COVID-19
Unemployment remains high in Mississippi and the U.S.
The number of new unemployment claims continues to decline in Mississippi, even as continued claims remain high.
Since the first case of COVID-19 was verified in the state March 11, more than 350,000 Mississippians have filed for unemployment benefits. For the week ending June 13, new claims numbered 18,013, which was down more 3,000 claims from the previous week. The four-week average for new claims is 21,792.
In the first few weeks in April at the peak of the unemployment crisis in the state, the Mississippi Department of Employment Security was seeing more than 45,000 new claims every week.
Continued claims, where a person filed for unemployment benefits in the weeks following their initial claim, ticked up for the week of June 6 by more than 6,000 claims to 155,349.
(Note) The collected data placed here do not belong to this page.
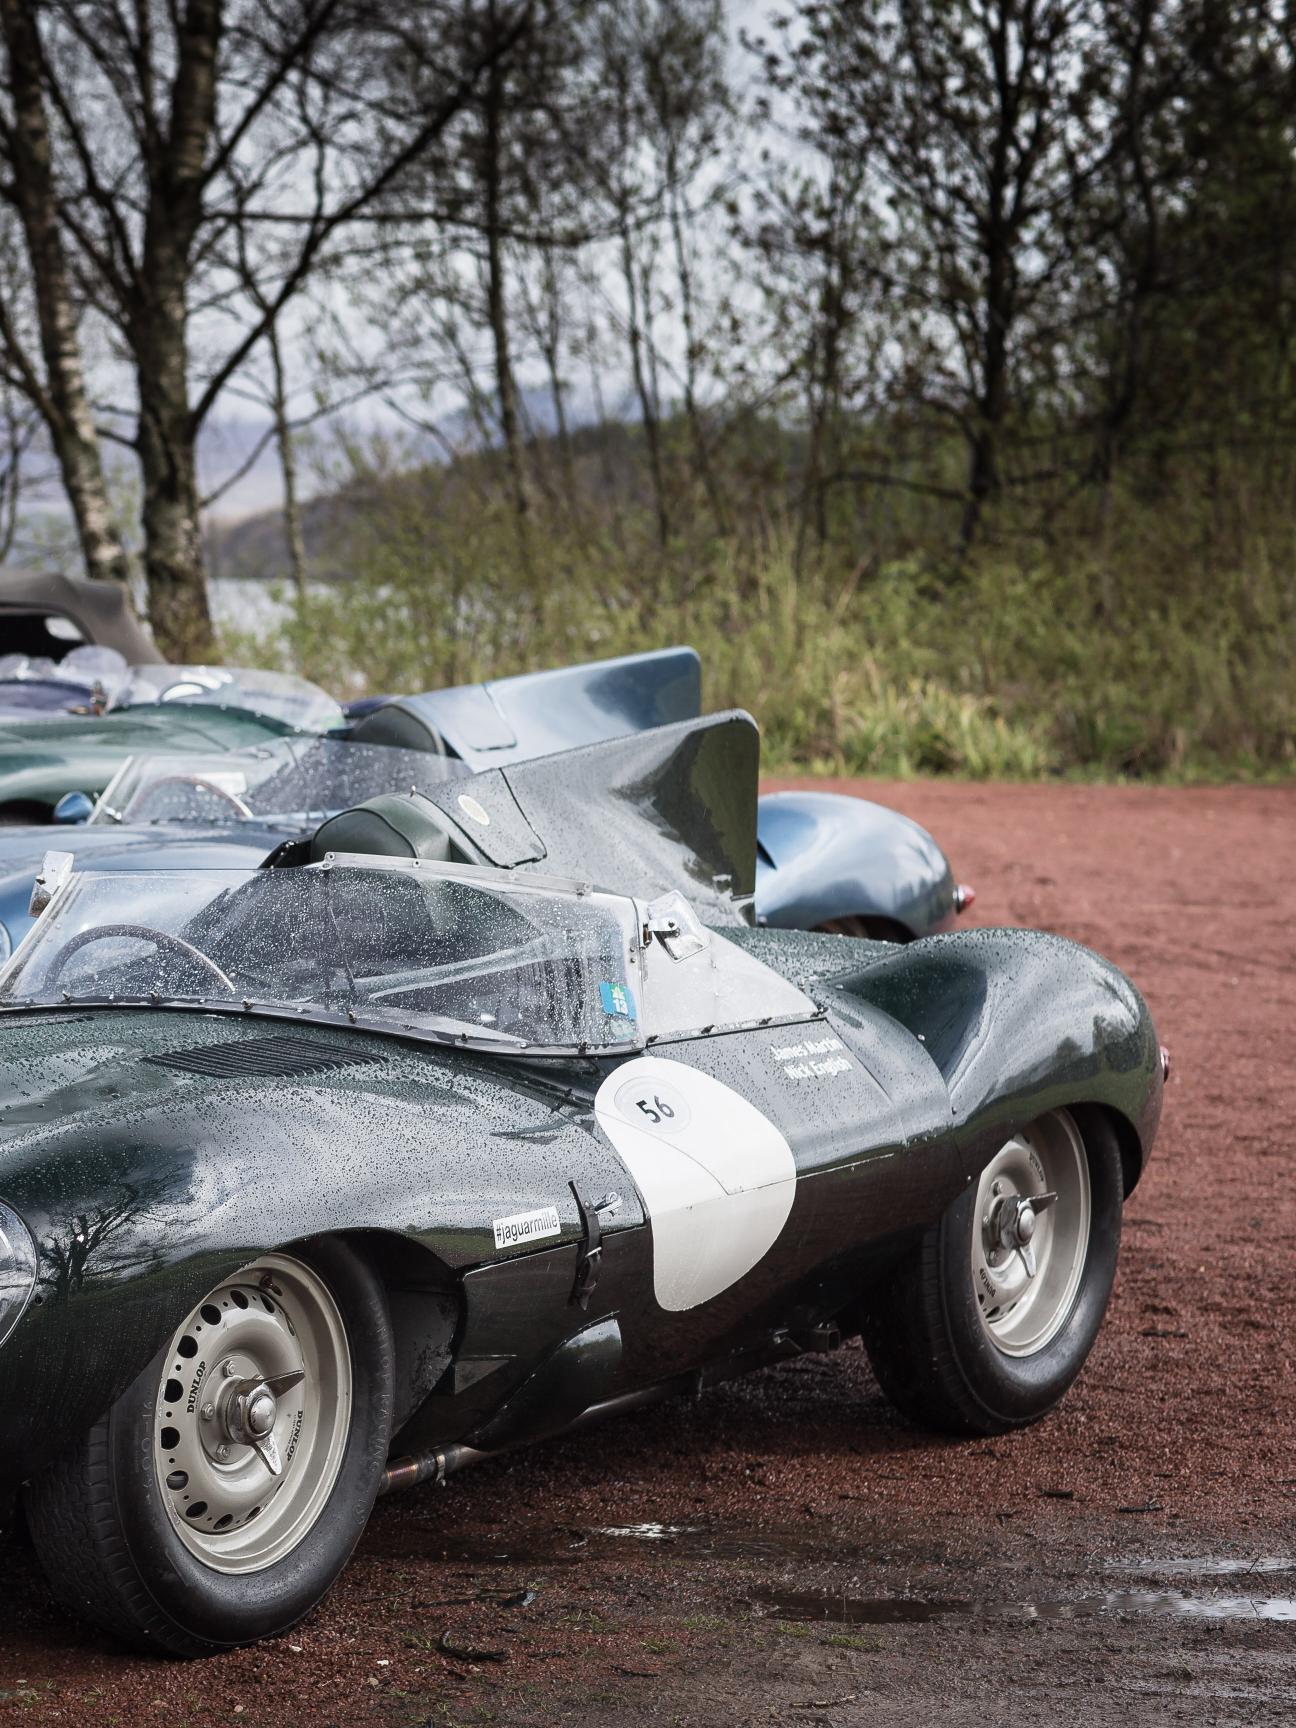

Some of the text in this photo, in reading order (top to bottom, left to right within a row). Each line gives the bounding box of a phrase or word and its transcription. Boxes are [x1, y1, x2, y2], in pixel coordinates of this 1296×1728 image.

[770, 1037, 843, 1061] James Martin
[784, 1056, 853, 1080] Nick English
[635, 1095, 675, 1124] 56
[496, 1211, 558, 1245] #jaguarmille
[187, 1361, 206, 1413] DUNLOP
[287, 1410, 303, 1461] DUNLOP
In addition, at least 27,000 Mississippians have filed for unemployment under the federal Pandemic Unemployment Assistance program, or PUA. That program provides benefits to individuals not covered by state programs, including people who are self-employed, work as independent contractors or as gig workers.
The data provided for the PUA program is incomplete. Mississippi began providing PUA benefits at the end of April but did not report those numbers to the U.S. Department of Labor until the end of May. Continued claims in Mississippi for PUA benefits numbered 47,450 the week ending May 30, which was down by nearly 8,000 claims from the previous week.
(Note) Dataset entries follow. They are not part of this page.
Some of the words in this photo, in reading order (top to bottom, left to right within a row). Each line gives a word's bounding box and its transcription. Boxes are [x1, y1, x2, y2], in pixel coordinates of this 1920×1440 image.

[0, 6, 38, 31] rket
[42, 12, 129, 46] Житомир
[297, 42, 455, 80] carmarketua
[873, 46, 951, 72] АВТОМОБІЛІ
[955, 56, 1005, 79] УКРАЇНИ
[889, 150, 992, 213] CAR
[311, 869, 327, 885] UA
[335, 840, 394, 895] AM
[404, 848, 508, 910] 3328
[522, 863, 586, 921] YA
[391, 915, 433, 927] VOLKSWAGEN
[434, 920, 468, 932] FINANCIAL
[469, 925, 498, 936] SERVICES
Combining the numbers of continued claims under the Mississippi unemployment program and the federal PUA program shows that nearly 203,000 Mississippians were unemployed at the end of May.
In April, the size of the civilian labor force in Mississippi was 1,190,900 people. Nearly 203,000 unemployed represents a 17% unemployment rate. The official unemployment rate for April 2020 in Mississippi was 15.4% which was 10% higher than the rate for April 2019.
Mississippi’s unemployment figures for May will be released June 23.
Unemployment claims in Mississippi since the first COVID-19 case in the state | ||||
Week ending | New claims | Continued claims | PUA claims | PUA continued claims |
3/14/2020 | 1,147 | 7,098 | ||
3/21/2020 | 5,519 | 6,667 | ||
3/28/2020 | 32,015 | 9,581 | ||
4/4/2020 | 45,852 | 29,373 | ||
4/11/2020 | 45,748 | 60,737 | ||
4/18/2020 | 36,913 | 93,005 | ||
4/25/2020 | 29,906 | 135,722 | ? | |
5/2/2020 | 25,745 | 208,270 | ? | ? |
5/9/2020 | 23,618 | 189,886 | ? | ? |
5/16/2020 | 24,242 | 184,150 | ? | 59,060 |
5/23/2020 | 23,856 | 174,808 | ? | 55,413 |
5/30/2020 | 24,014 | 148,902 | 10,784 | 47,450 |
6/6/2020 | 21,283 | 155,349 | 8,403 | |
6/13/2020 | 18,013 | 8,203 | ||
Total | 357,871 | 27,390 |
On the national level, 1.5 million Americans filed new unemployment claims during the week ending June 13, continuing historically high numbers of unemployed people in the U.S. Before the COVID-19 crisis, the record number of new claims in one month was 695,000 in October 1982.
More than 45 million people in the U.S. have filed for unemployment benefits in the past three months. For the week ending June 6, more than 20.5 million Americans were unemployed, and the national unemployment rate was 14.1%, according to the U.S. Department of Labor.
The numbers of new claims have been falling for several weeks in most U.S. states. The exceptions are states that have seen sharp rises in COVID-19 cases, such as Arizona, which has seen a rise in cases and unemployment for two weeks.
Job losses have been most severe for people with low incomes, minorities and women, according to Jerome Powell, chair of the Federal Reserve. Last week, Powell warned that the nation’s economy faces “significant uncertainty” in the weeks and months ahead.
“Much of that economic uncertainty comes from uncertainty about the path of the disease and the effects of measures to contain it,” Powell said in his testimony before the Senate Banking committee Tuesday. “Until the public is confident that the disease is contained, a full recovery is unlikely.”